When the method returns new_html that data is malformed. html is changed right after assigning even though it is not being reassigned at a later point and the overall html is empty (it has closing statemenets but almost nothing in-between).
(I checked this with using the files for debugging)

Now look at this… if I change the return value of the function with html instead of new_html the html is not malformed and all of the data in the files is correct, but that way I can’ access the value of new_html when I invoke the function! (reading the data from the file is not an option)

Could You provide MRE?

Let’s say the html is:

<body>
    [data.start]
        <h1> a </h1>
    [data.end]

    [ads.start]
        <h2>  b </h2>
    [ads.end]
</body>

(I can’t really say how the data is transformed but the output html is the same in the code which is the last html provided!)

When I send over some params and return new_html the value of html and new_html is:

<body>
    

    
        <h2>  b </h2>
    
</body>

But when I return html the value of html and new_html is (this should be the result even when returning new_data):

<body>
    
        <h1> a </h1>
    
        <h1> a </h1>
    

    
        <h2>  b </h2>
    
</body>

Edit: Having those extra lines (\n) is nothing to worry about, the data just needs to be present. And just in case this is my Elixir/Erlang:

Erlang/OTP 22 [erts-10.6] [source] [64-bit] [smp:8:8] [ds:8:8:10] [async-threads:1] [hipe]

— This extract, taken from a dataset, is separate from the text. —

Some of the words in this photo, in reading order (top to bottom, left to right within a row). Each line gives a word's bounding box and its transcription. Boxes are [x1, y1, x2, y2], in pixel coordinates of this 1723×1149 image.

Elixir 1.9.4 (compiled with Erlang/OTP 22)

How do you check for the value of html here?


Could you perhaps create some github repository with example data and a README that explains your expectations and what you get instead?

I can’t really create a repo as It’s using multiple technologies and there are some bits of code which are kind of crucial for this which I don’t want to be public (sorry)!

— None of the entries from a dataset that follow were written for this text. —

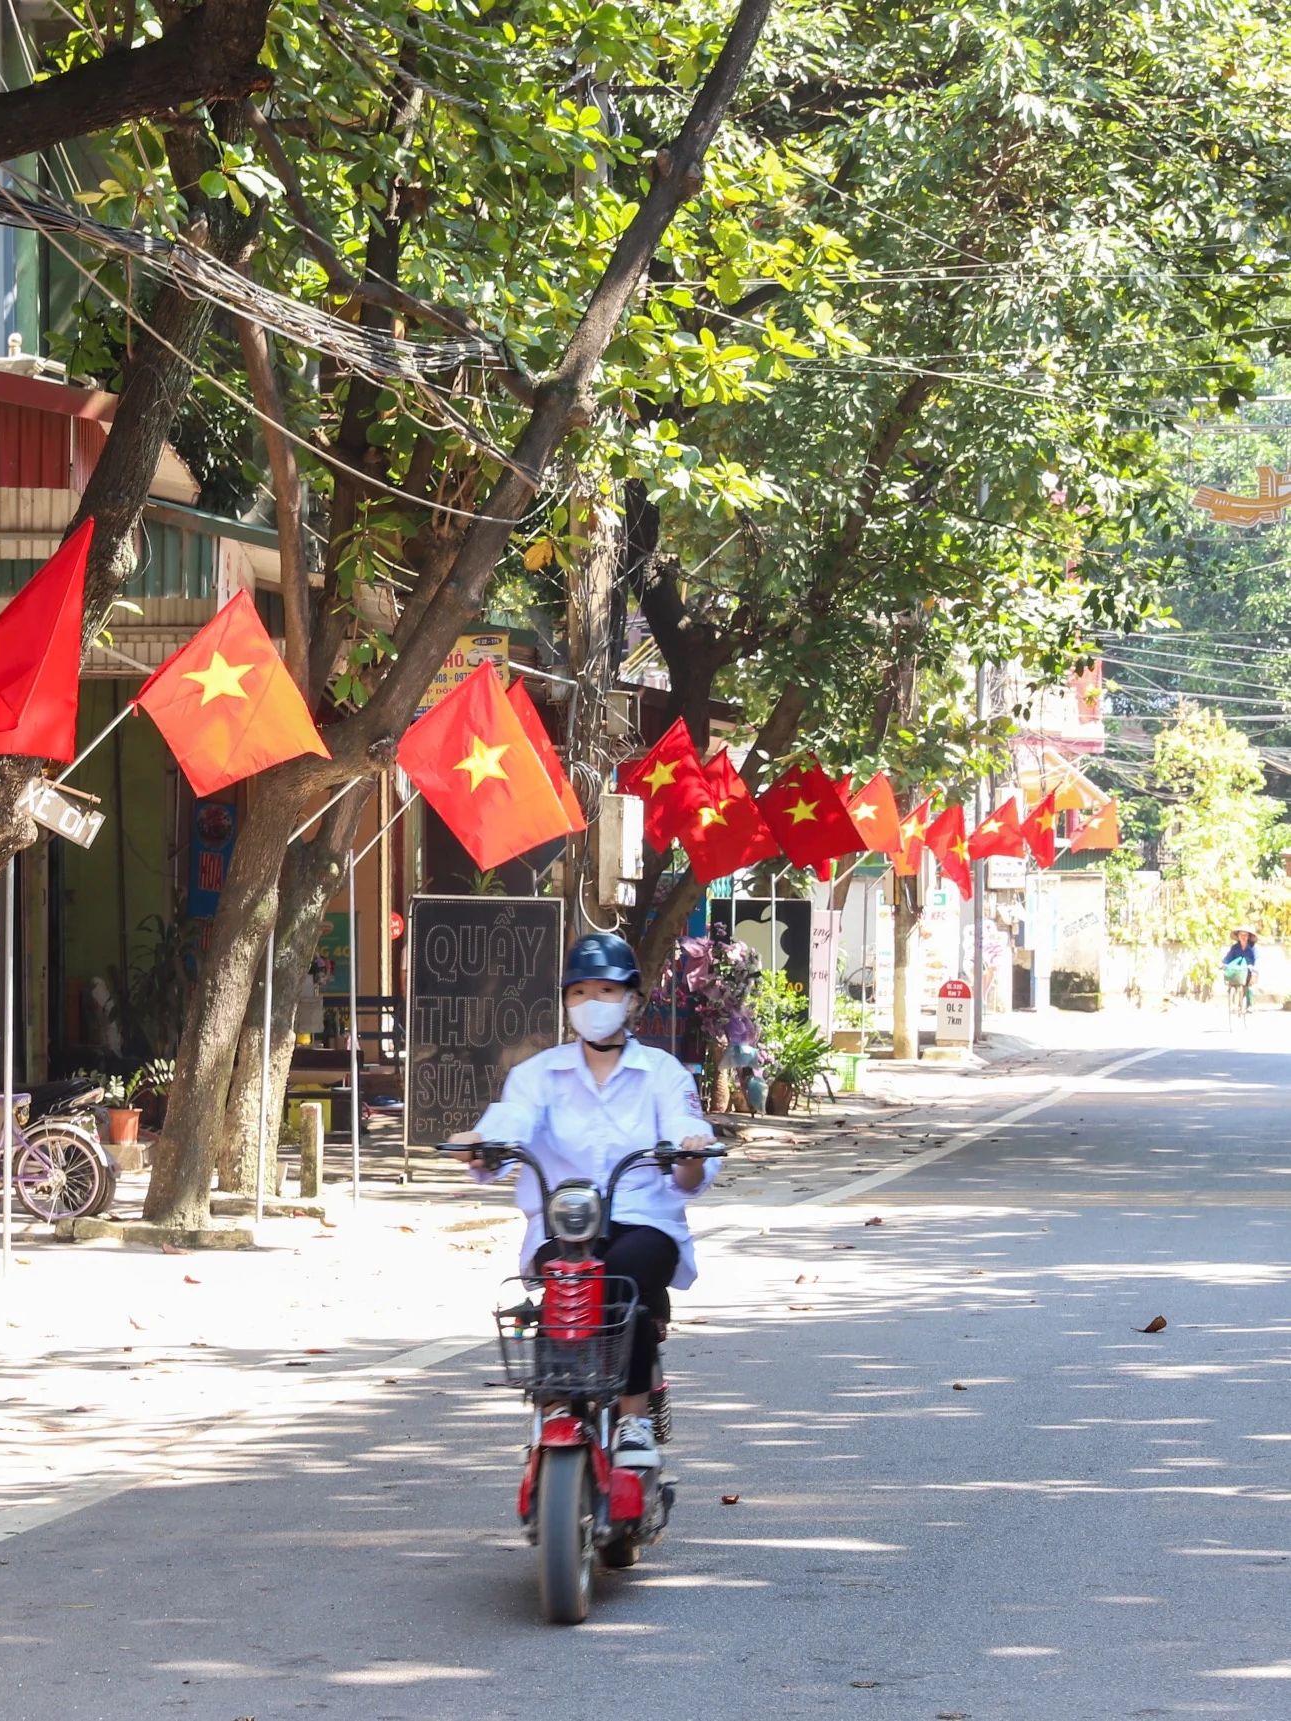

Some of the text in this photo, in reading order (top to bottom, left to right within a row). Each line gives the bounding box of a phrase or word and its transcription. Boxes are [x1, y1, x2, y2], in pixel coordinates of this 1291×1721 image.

[441, 648, 465, 669] HỖ
[18, 780, 60, 822] XE
[425, 906, 546, 983] QUẦY
[416, 978, 555, 1048] THUỐC
[946, 1003, 964, 1014] QL 2
[947, 1016, 962, 1026] 7km
[416, 1052, 479, 1109] SỮA

And as for how I am checking the value of html, in the opening post, I write the value of it into a file and the value of new_html into a file as well.

In the post a bit ago where I wrote an MRE both html and new_html where you have input data and what should be expected. Both of them should have the same values (which they kind of do) but the value is not correct.

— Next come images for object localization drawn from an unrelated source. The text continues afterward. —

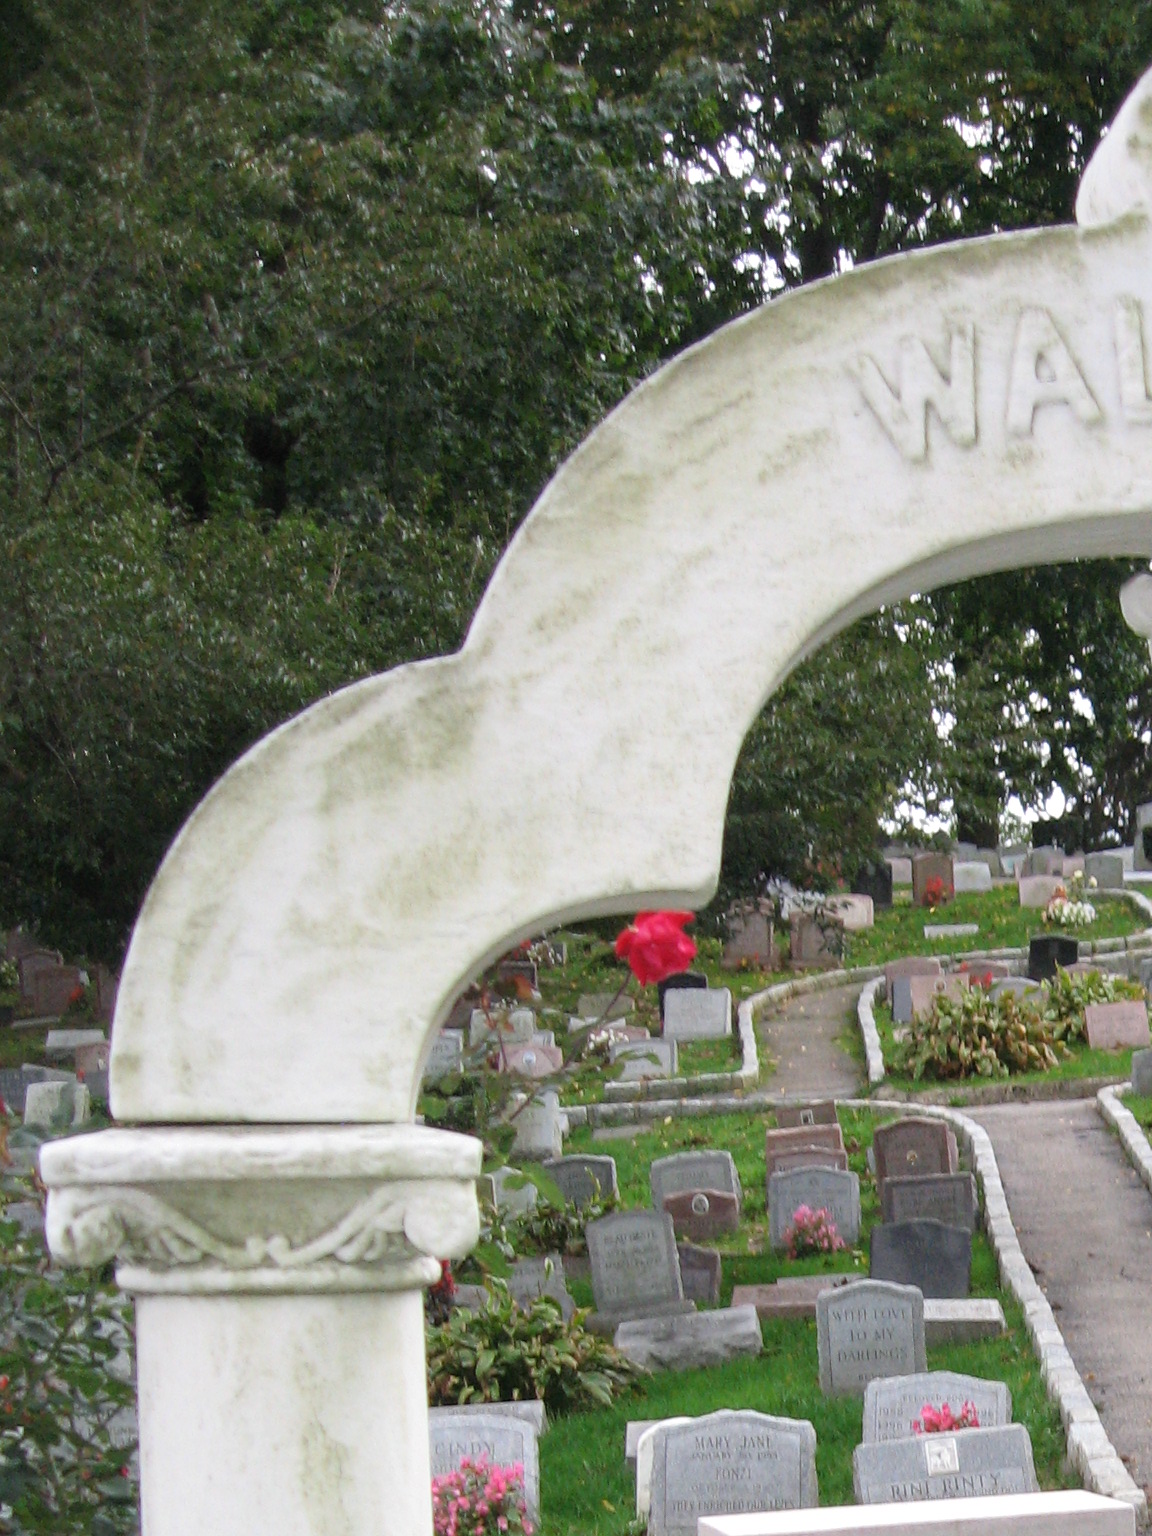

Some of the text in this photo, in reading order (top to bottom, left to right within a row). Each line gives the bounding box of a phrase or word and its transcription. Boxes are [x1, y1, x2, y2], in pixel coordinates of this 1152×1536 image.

[832, 1306, 906, 1324] WITH LOVE
[849, 1327, 895, 1343] TO MY
[837, 1347, 910, 1363] DARLINGS
[694, 1434, 772, 1450] MARY JANE
[942, 1472, 1001, 1493] RINTY

Sorry, but I do not see anything obvious breaking, and all I did was to rename stuff and to replace your file writes to IO.inspect:

$ cat foo.exs
defmodule M do
  def strip_html(html) do
    IO.inspect(html, label: :html_in)

    html
    |> remove_unused()
    |> IO.inspect(label: :html_out)
  end

  def remove_unused(body) do
    matches = Regex.scan(~r/\[[\s\S]*?\.start\][\s\S]*?\[[\s\S]*?\.end\]/, body)

    case matches do
      [] -> body
      [_|_] ->
        IO.inspect(body, label: :in_removed_body_in)

        matches
        |> Enum.with_index()
        |> Enum.reduce(body, fn {match, idx}, body ->
          IO.inspect(match, label: "match #{idx}")
          IO.inspect(body, label: "body before #{idx}")
          String.replace(body, match, "", global: false)
          |> IO.inspect(label: "body after #{idx}")
        end)
    end
  end
end

M.strip_html("""
<body>
    [data.start]
        <h1> a </h1>
    [data.end]

    [ads.start]
        <h2>  b </h2>
    [ads.end]
</body>
""")
$ elixir foo.exs
html_in: "<body>\n    [data.start]\n        <h1> a </h1>\n    [data.end]\n\n    [ads.start]\n        <h2>  b </h2>\n    [ads.end]\n</body>\n"
in_removed_body_in: "<body>\n    [data.start]\n        <h1> a </h1>\n    [data.end]\n\n    [ads.start]\n        <h2>  b </h2>\n    [ads.end]\n</body>\n"
match 0: ["[data.start]\n        <h1> a </h1>\n    [data.end]"]
body before 0: "<body>\n    [data.start]\n        <h1> a </h1>\n    [data.end]\n\n    [ads.start]\n        <h2>  b </h2>\n    [ads.end]\n</body>\n"
body after 0: "<body>\n    \n\n    [ads.start]\n        <h2>  b </h2>\n    [ads.end]\n</body>\n"
match 1: ["[ads.start]\n        <h2>  b </h2>\n    [ads.end]"]
body before 1: "<body>\n    \n\n    [ads.start]\n        <h2>  b </h2>\n    [ads.end]\n</body>\n"
body after 1: "<body>\n    \n\n    \n</body>\n"
html_out: "<body>\n    \n\n    \n</body>\n"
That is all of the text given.